SEOUL — After years of withstanding pressure from U.S. trade negotiators, South Korea agreed to cut its Screen Quota system in half, reducing the number of days that exhibitors must screen local films from 146 to 73.
The move, made as Korea prepares to enter negotiations on a free trade agreement with the U.S., marks a long sought-for victory for the MPAA, which has argued that the quota represents an unfair restriction of access to the Korean market. Significantly, the decision by the South Korean government comes only three months after the adoption of a UNESCO convention on cultural diversity which seemed to strengthen the hand of those who support the quota.
“Today’s announcement reflects a significant step forward in Korea, which is fast becoming one of the most dynamic markets in Asia,” said MPAA prexy Dan Glickman. “We look forward to the opportunity to compete on a fairer basis with the growing Korean industry.”
Members of the Korean film industry were taken unaware by the surprise announcement, and reacted with outrage. “This is a major shock for us, and we feel great shame that our government has truly accepted this insolent request from the United States,” said Chung Ji-young, co-chair of the Coalition for Cultural Diversity in Moving Images.
Yet in some ways the repercussions of this week’s decision may be felt more strongly outside of Korea than within.
Although the quota is widely credited with allowing the Korean industry to make gains in the 1990s, since 2001 local pics’ market share has surged above 50%, and exhibitors have responded by exceeding their quota requirements, sometimes by a significant margin.
Korean exhibitors are at times blunt in characterizing the quota as “irrelevant” in the face of local cinema’s strength. Indeed, the only group of exhibitors who have indicated a likely change in their programming priorities in the face of a quota reduction are arthouse theaters, given that local arthouse fare earns far less than European or Japanese pics.
A 2003 report by the Korea Institute for Industrial Economics and Trade (KIET) also argued that the reduction or elimination of the quota system would have little effect on the Korean industry. “Korean films’ competitiveness stems from the entry of Korean conglomerates into the industry and the introduction of multiplex theaters since the mid-1990s, not from the screen quota,” said the report.
Thus any increased access to the Korean market by U.S. films is likely to be long-term, rather than immediate.
However in recent years many other countries have come to see Korea’s Screen Quota as a model for their own efforts to boost local cinema. China in particular has looked upon Korea’s commercial boom with open envy, and in late 2005 cited the example of France and Korea when announcing its decision to maintain the level of its own import quotas.
The MPAA hopes that the decision by Korea will serve as a precedent for other territories which restrict access to film imports.

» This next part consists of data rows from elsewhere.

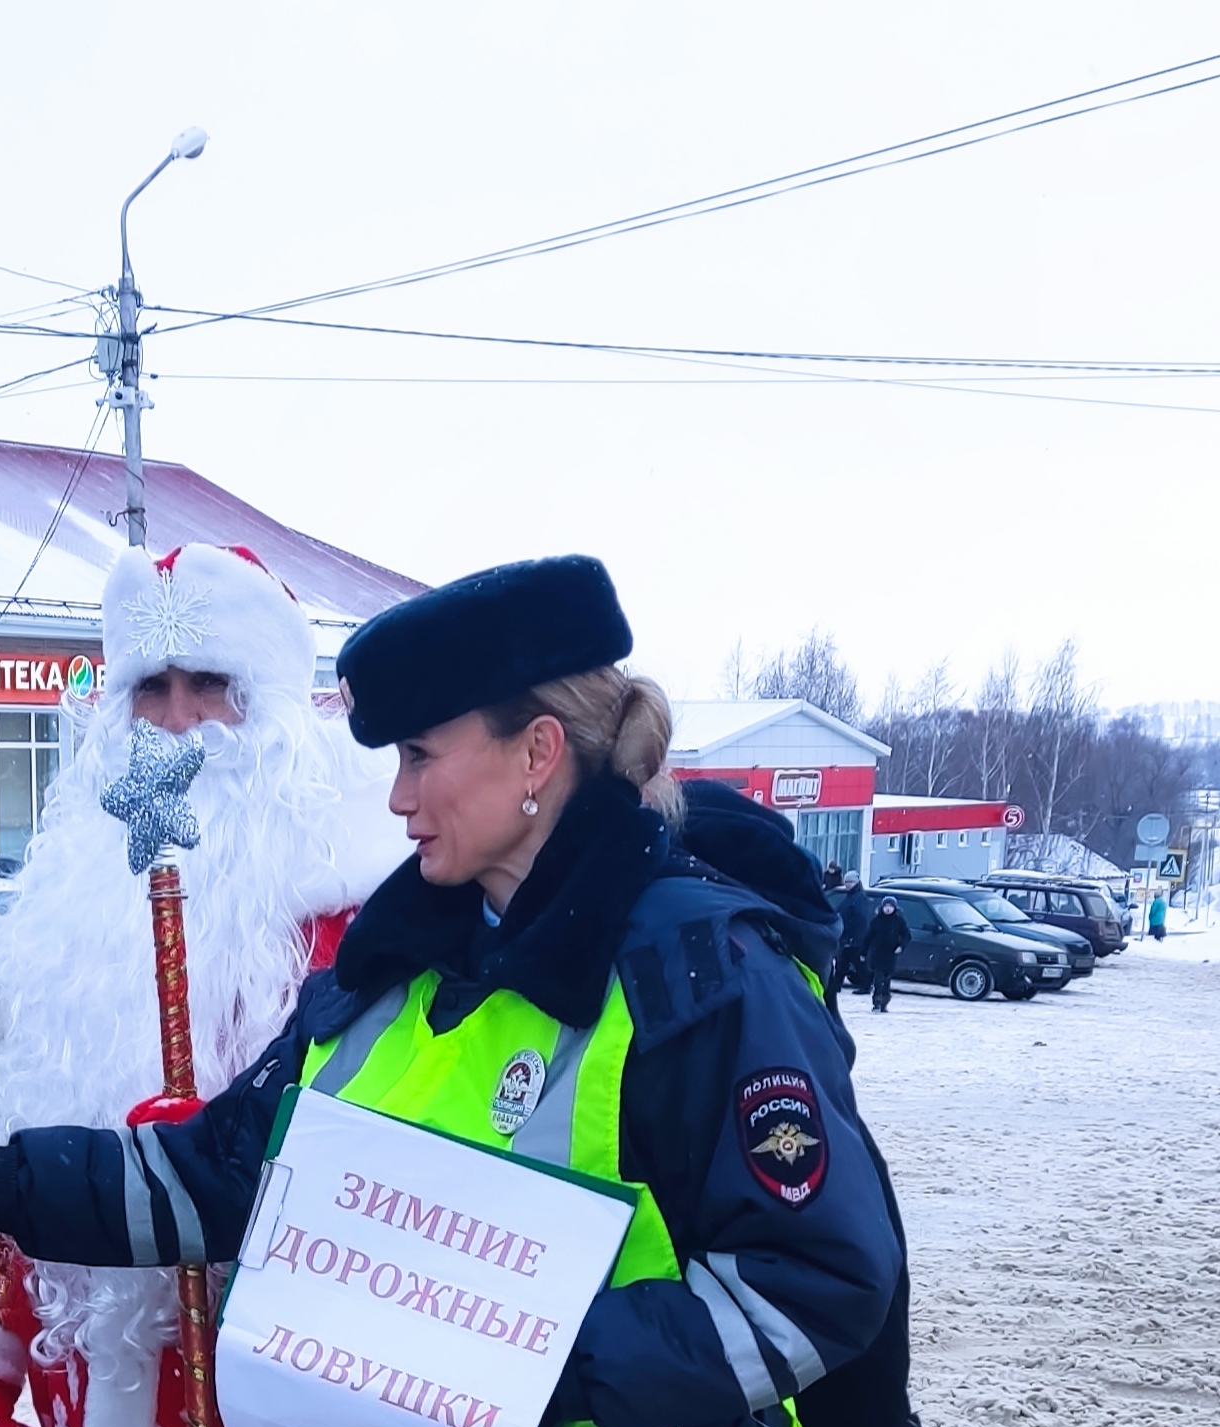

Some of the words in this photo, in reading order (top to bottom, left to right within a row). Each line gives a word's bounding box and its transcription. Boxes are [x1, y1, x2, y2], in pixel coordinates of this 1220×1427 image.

[743, 1074, 807, 1100] ПОЛИЦИЯ
[750, 1098, 810, 1128] РОССИЯ
[780, 1181, 810, 1202] МВД
[335, 1172, 547, 1278] ЗИМНИЕ
[267, 1224, 559, 1355] ДОРОЖНЫЕ
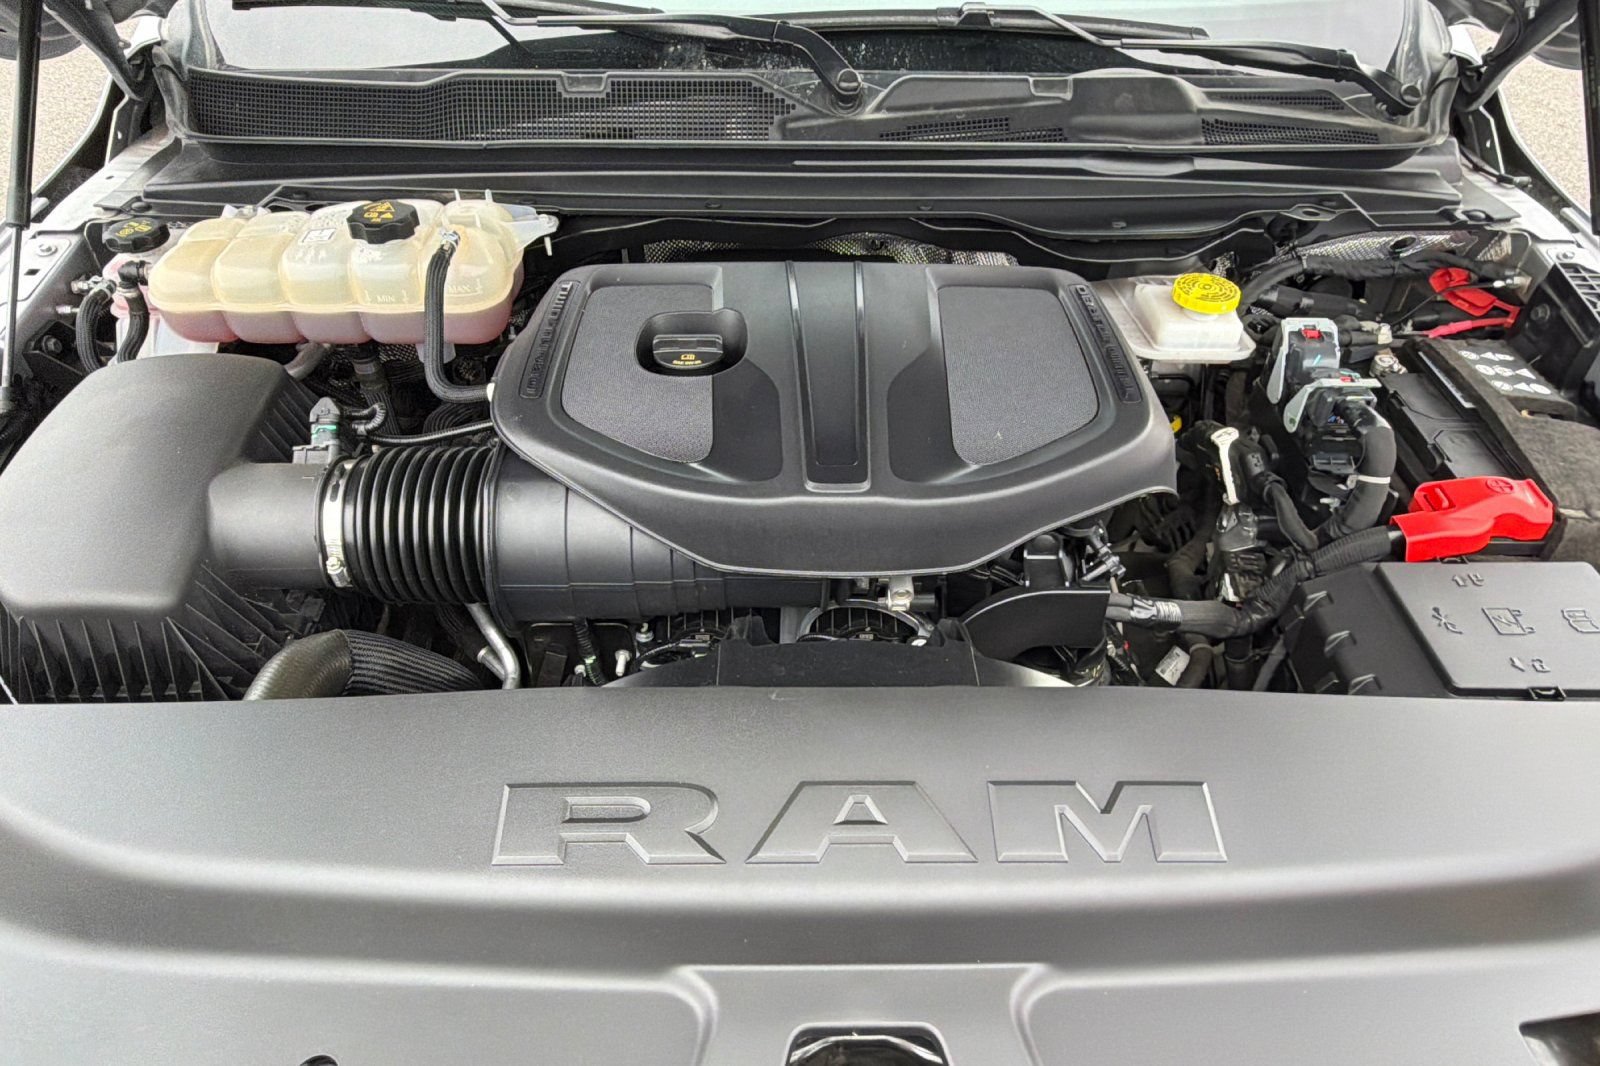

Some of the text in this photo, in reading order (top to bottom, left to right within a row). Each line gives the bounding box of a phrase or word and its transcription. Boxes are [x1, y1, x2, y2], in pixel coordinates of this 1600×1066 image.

[448, 284, 471, 294] MAX
[376, 294, 396, 303] MIN
[490, 779, 1229, 867] RAM
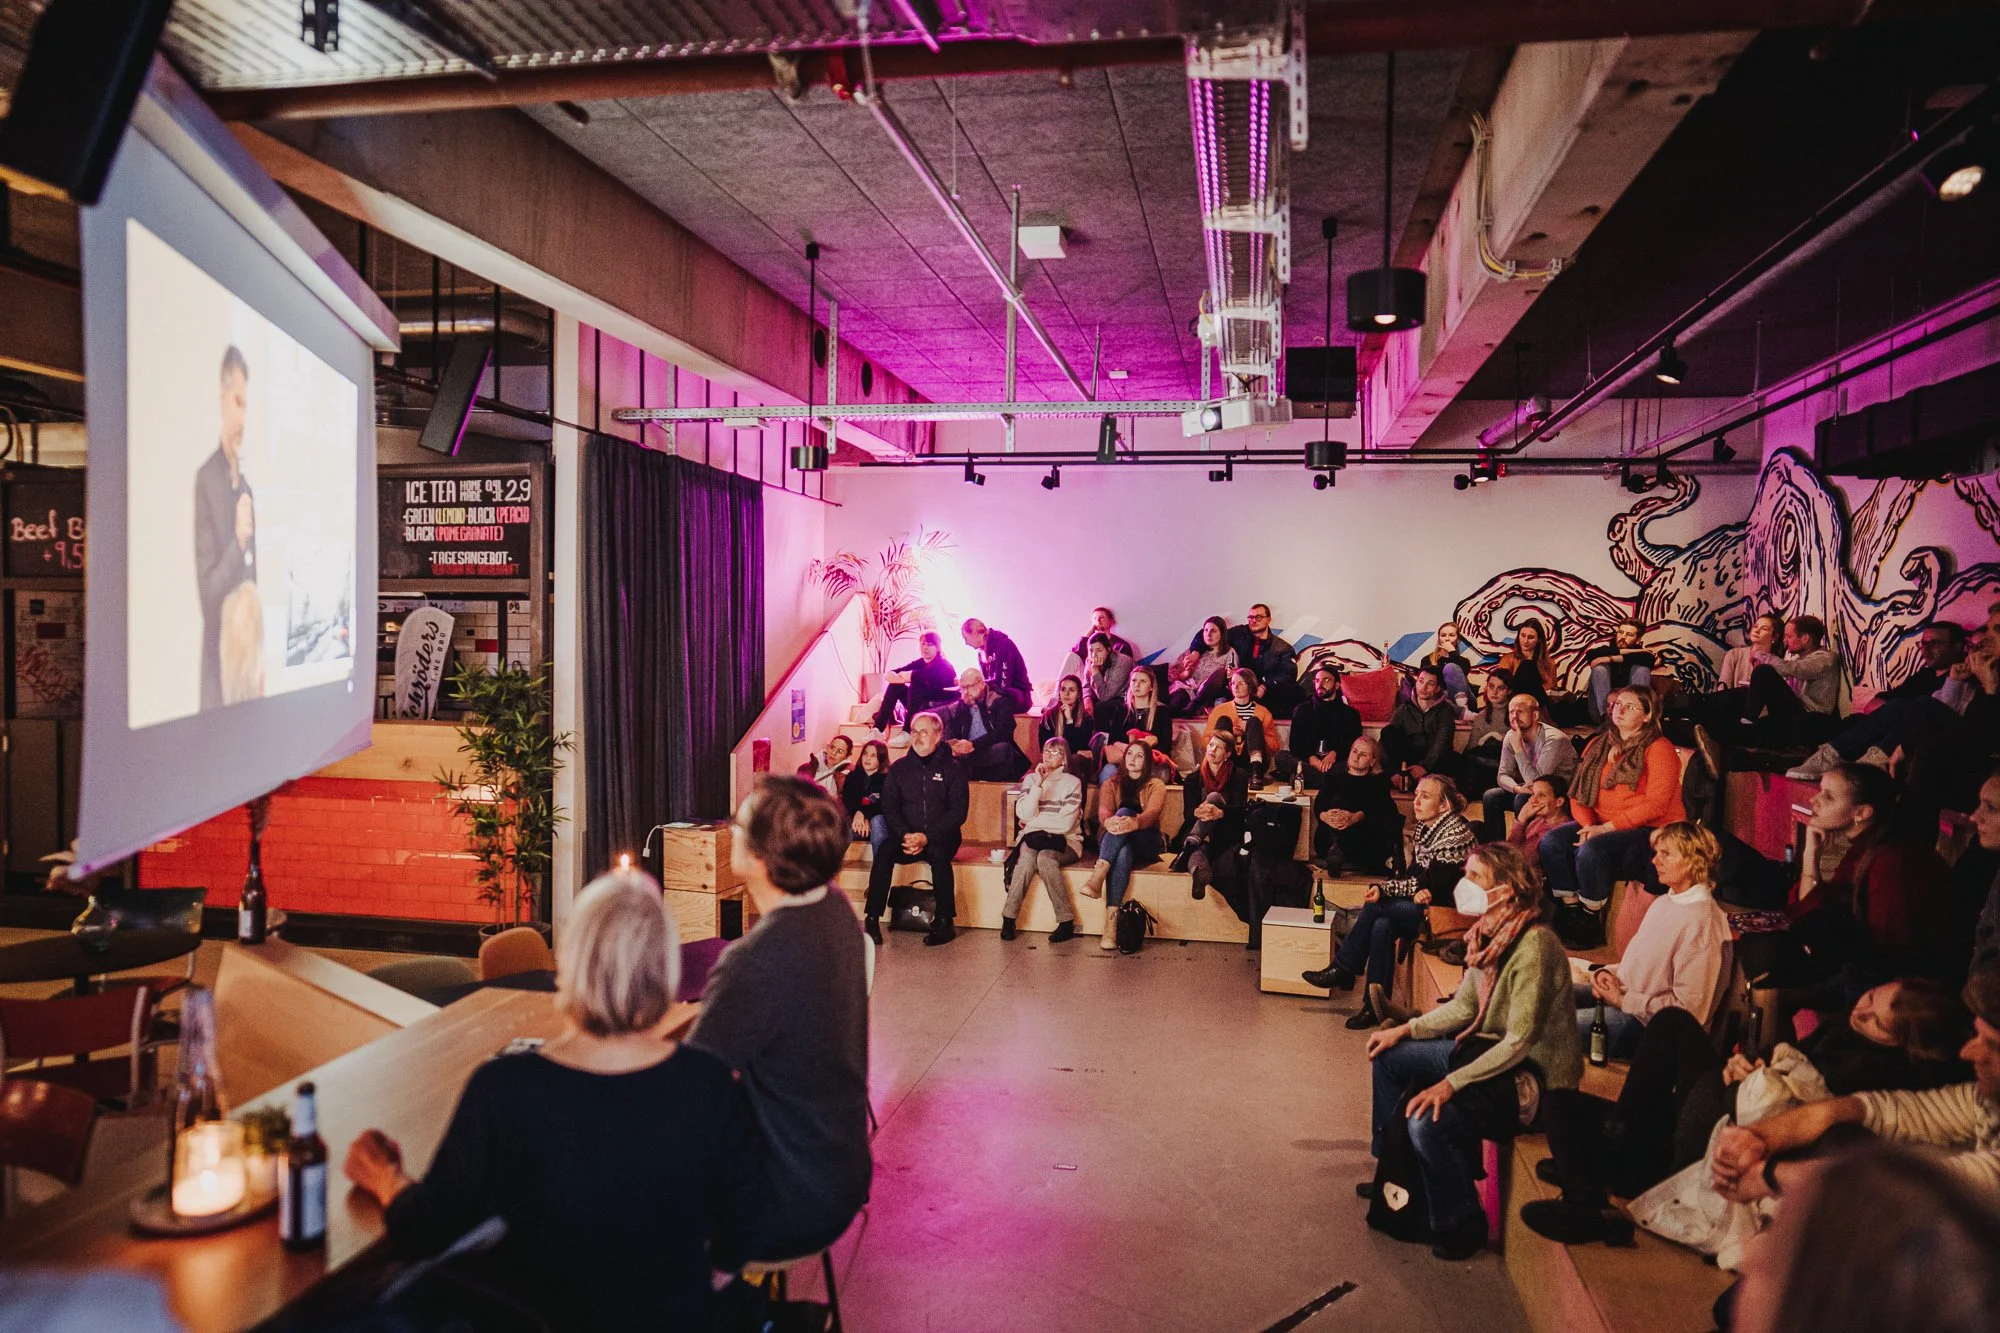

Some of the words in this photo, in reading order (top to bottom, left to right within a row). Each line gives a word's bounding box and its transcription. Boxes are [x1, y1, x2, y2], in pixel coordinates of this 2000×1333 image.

[406, 481, 428, 503] ICE
[429, 480, 456, 503] TEA
[460, 480, 482, 491] HOME
[460, 490, 482, 502] MADE
[10, 509, 58, 541] Beef

“This is also a significant step forward in improving American access to overseas markets,” said Glickman. “Our ultimate goal is a global market for films and filmed entertainment unimpeded by the artificialities of government policies, instead governed only by the tastes and demands of the audiences and our ability to meet those demands.”
In 2005, Korea passed Germany to become the fifth largest theatrical market in the world with $890 million in box office receipts, of which U.S. films accounted for 36-38% (precise nationwide figures are not yet available). The territory has enjoyed nine straight years of growth, during which time its annual admissions have grown from 42 million in 1996 (when Hollywood took a 77% market share) to 143 million last year.
That still means that ticket sales for Hollywood films have grown by 20 million in the decade, from 32 million in 1996 to 52 million last year.